Common Ways to Accelerate Deductions and Defer Income for Year-end

Another year is coming to a close, and yes he’s been watching you. You wish I meant Santa Claus, but I am referring to Uncle Sam. With year-end steadily approaching, it is a key time to evaluate how well you have performed and if any opportunities exist to reduce your tax liability. One form of planning is to accelerate deductions and defer income. Here are some practical points for both business owners and individuals.

For self-employed business owners there are income items and expenses you may be able to control. For a cash basis business consider delaying invoices and prepaying business expenses. An accrual business can complete jobs the following year if possible, and receive shipment of office supplies this year. Both cash and accrual businesses can take advantage of Section 179 to accelerate expense deductions for capital assets placed in service.

An individual can defer compensation income by simply asking your employer to pay your end of year bonus and final few months of fringe benefits in the following year. Exercise nonqualified stock options next year instead of this year. Contribute to an IRA or 401(k), to the extent deductible contributions can be made. If over 50, consider additional “catch-up” contributions.

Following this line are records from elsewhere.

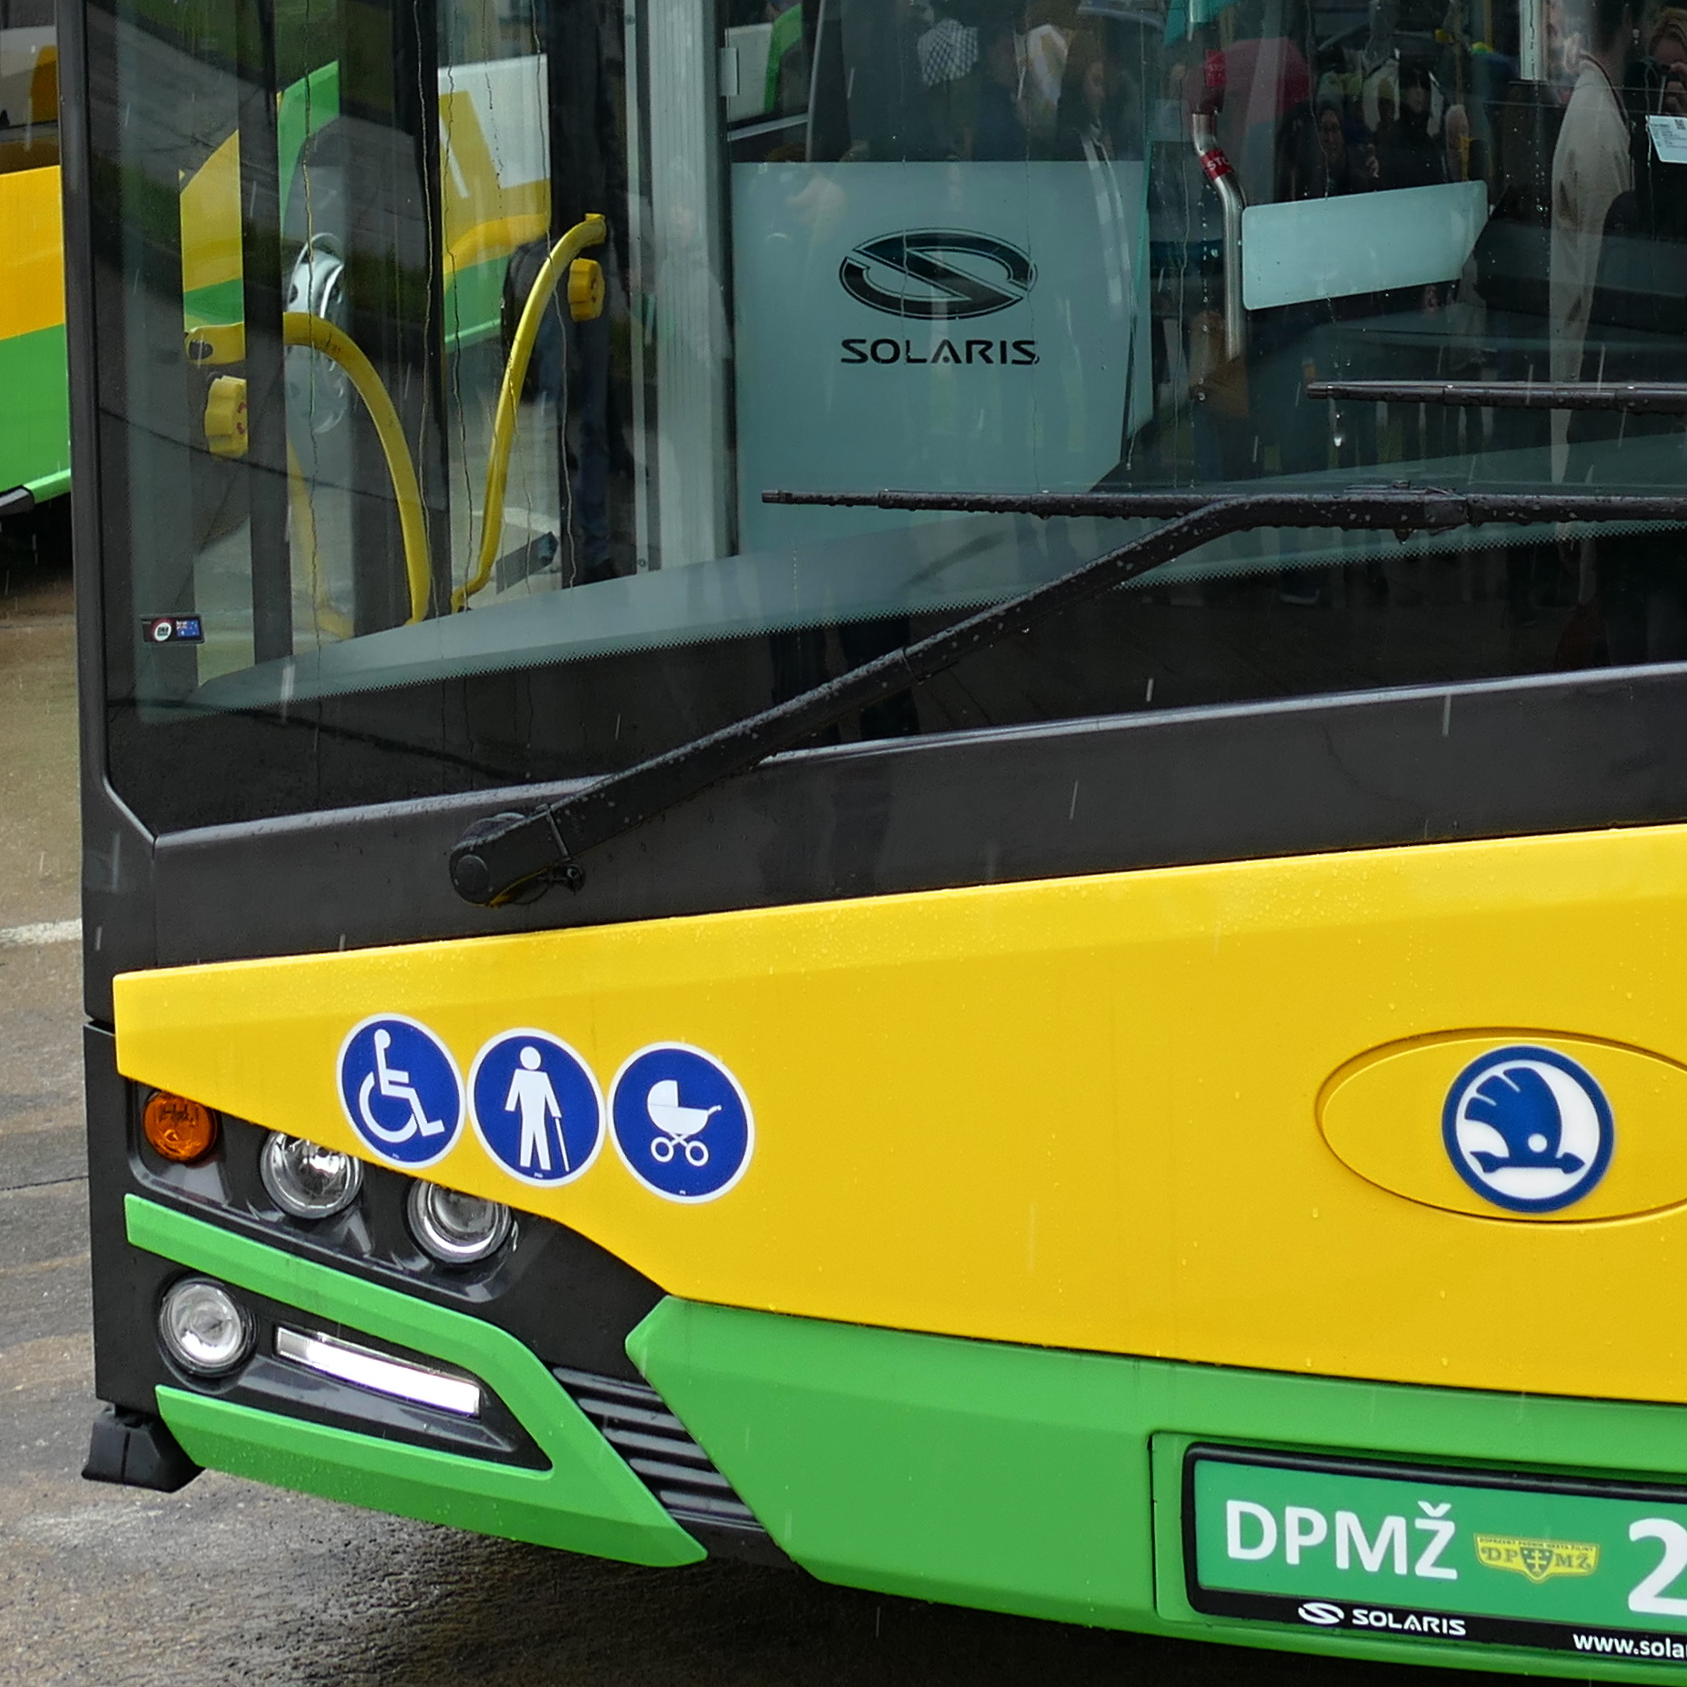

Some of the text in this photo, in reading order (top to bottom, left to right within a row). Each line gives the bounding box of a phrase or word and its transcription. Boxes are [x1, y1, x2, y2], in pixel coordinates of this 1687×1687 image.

[840, 337, 1041, 366] SOLARIS
[1225, 1499, 1459, 1580] DPMŽ
[1351, 1608, 1467, 1637] SOLARIS
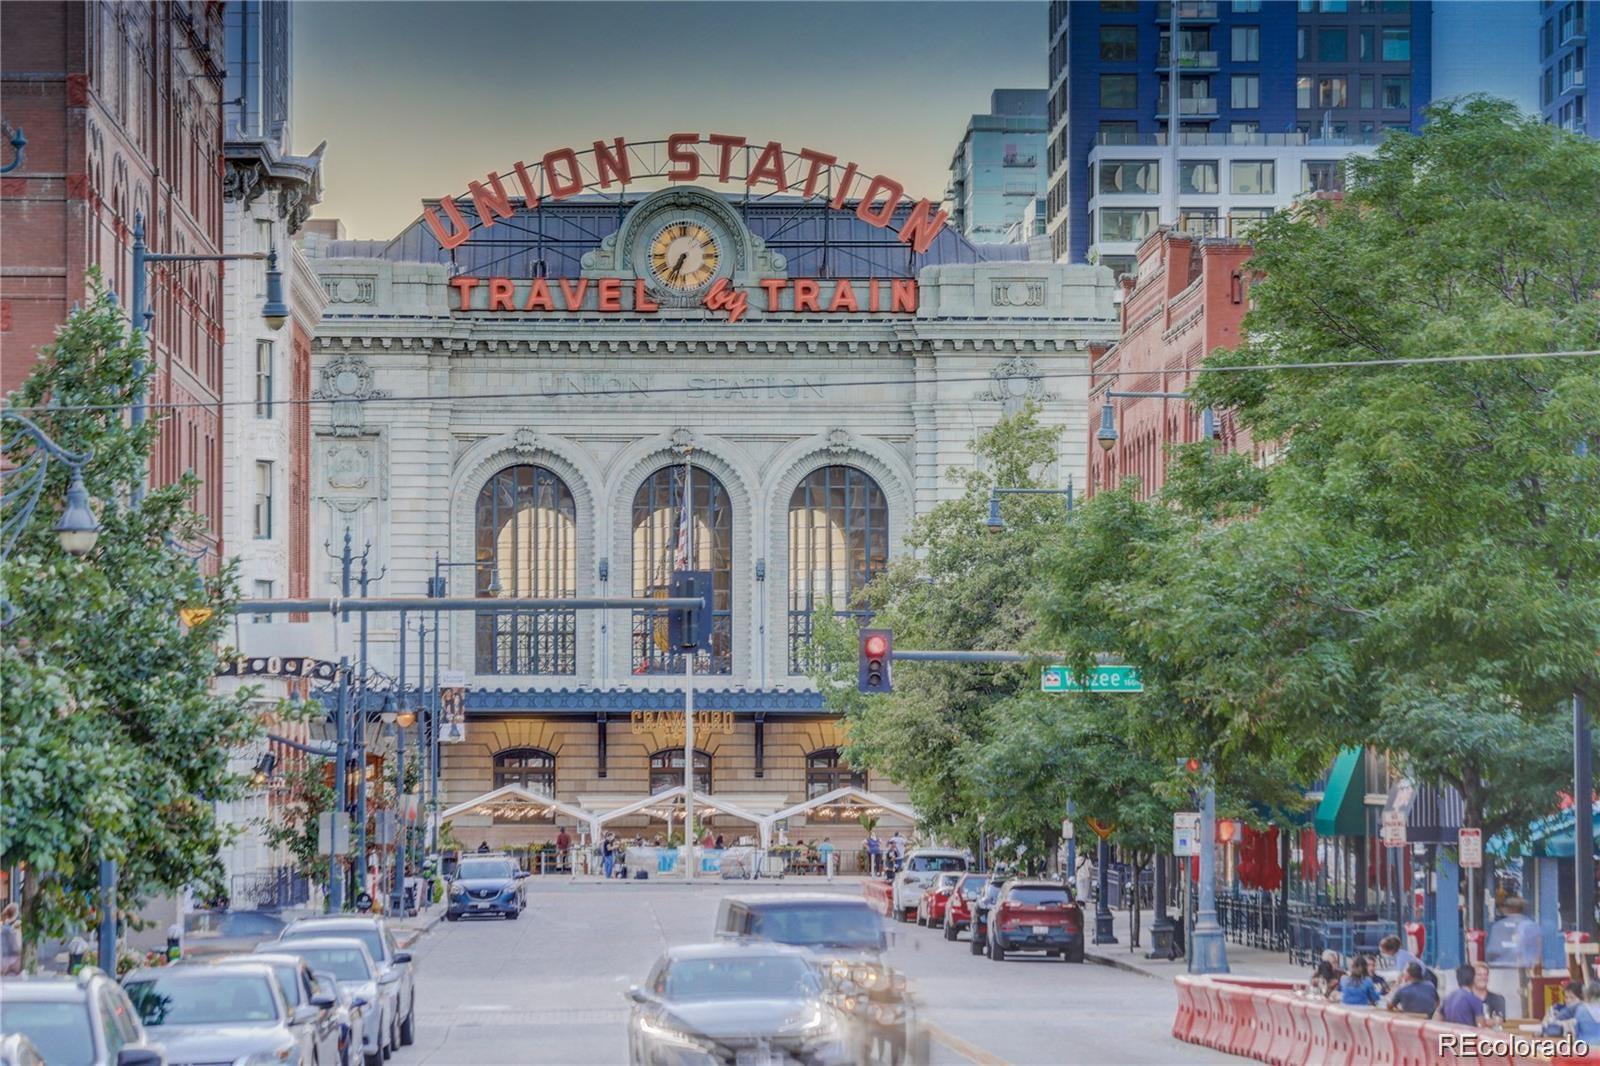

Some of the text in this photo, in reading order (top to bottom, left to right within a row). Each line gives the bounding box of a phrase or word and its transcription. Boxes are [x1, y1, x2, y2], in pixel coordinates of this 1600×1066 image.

[424, 137, 632, 249] UNION
[668, 133, 948, 254] STATION
[450, 277, 916, 322] TRAVEL by TRAIN
[539, 377, 827, 399] UNION STATION
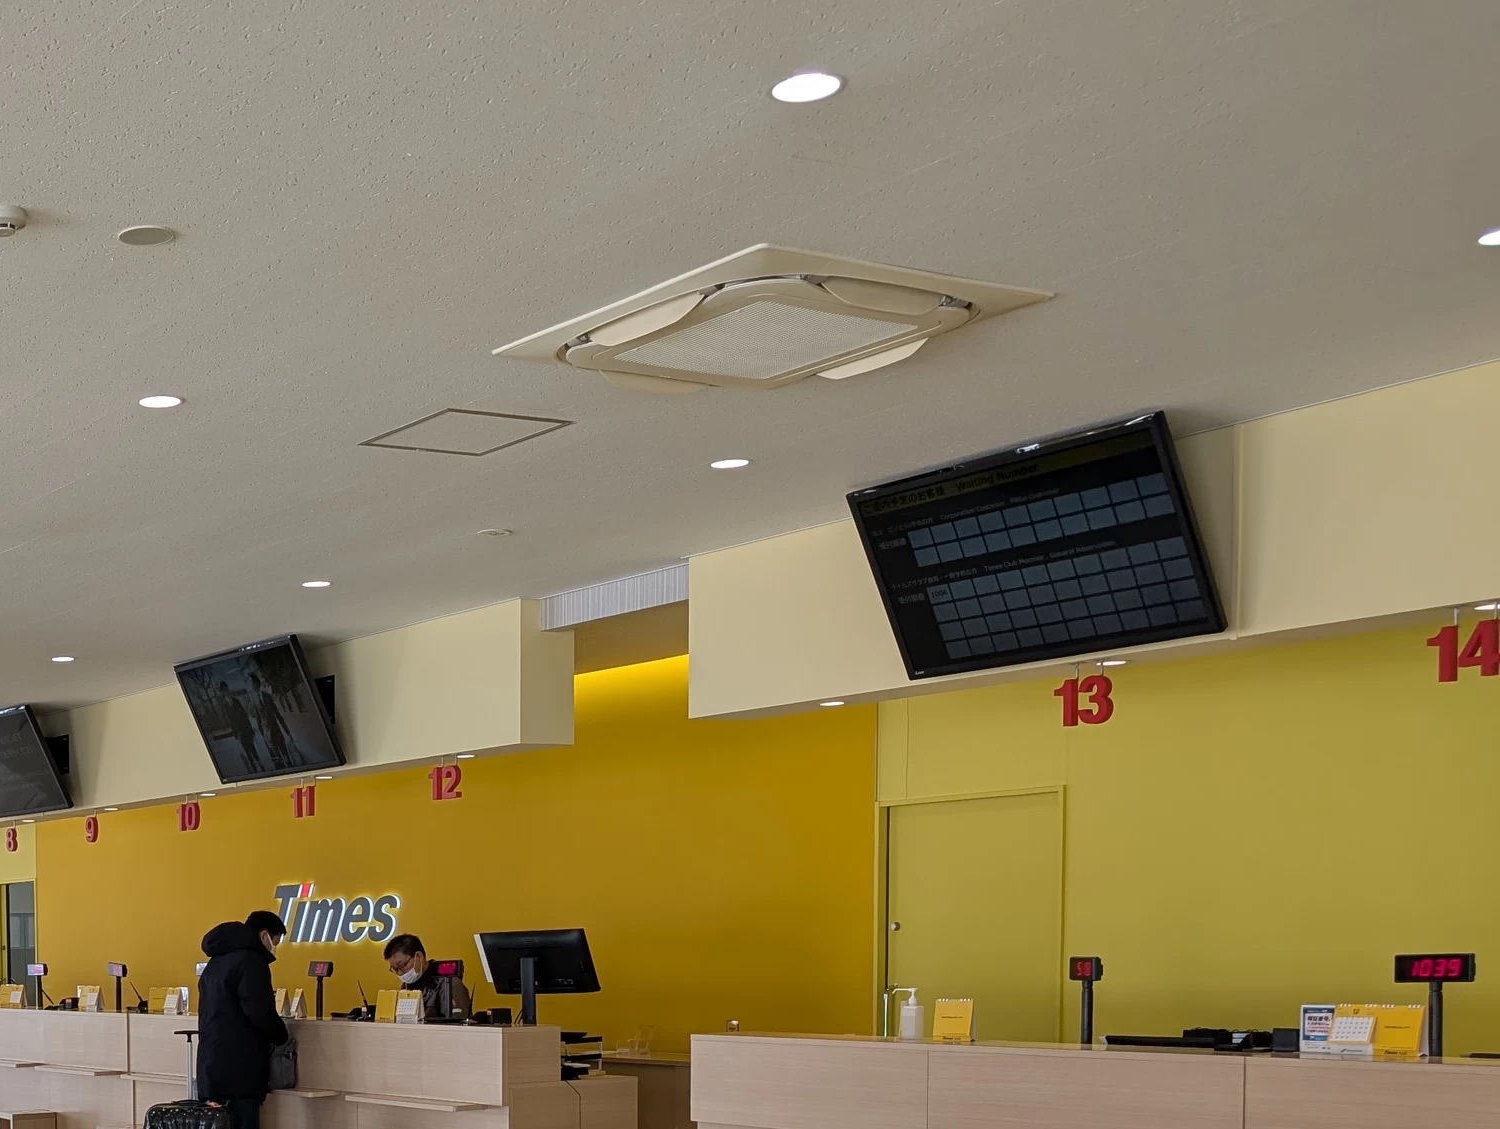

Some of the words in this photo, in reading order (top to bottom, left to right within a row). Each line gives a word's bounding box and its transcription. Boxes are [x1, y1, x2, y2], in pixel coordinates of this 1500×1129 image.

Need to accelerate deductions but short on cash or time? No problem. Credit card charges are treated as deductible in the year charged to accelerate the payment of charitable deductions, medical expenses, or other deductible expenditures before year end.

Another itemized deduction opportunity is to increase state income tax withholding or make estimated state tax payments or increase your current payment amounts.

Finally, if necessary donate appreciated stock or securities. Generally, the deduction for appreciated stock is the fair market value at the time of the donation. On the flip side, sell investments with unrealized losses to offset capital gains or utilize the $3,000 per year offset against ordinary income.

These are just a few suggestions to consider when planning for year end and assessing your tax burden. Please keep in mind that many deductions are subject to income limitations, deduction floors and alternative minimum tax “AMT” rules in order to be maximized. It is always a good idea to consult with your CPA when considering your planning strategy.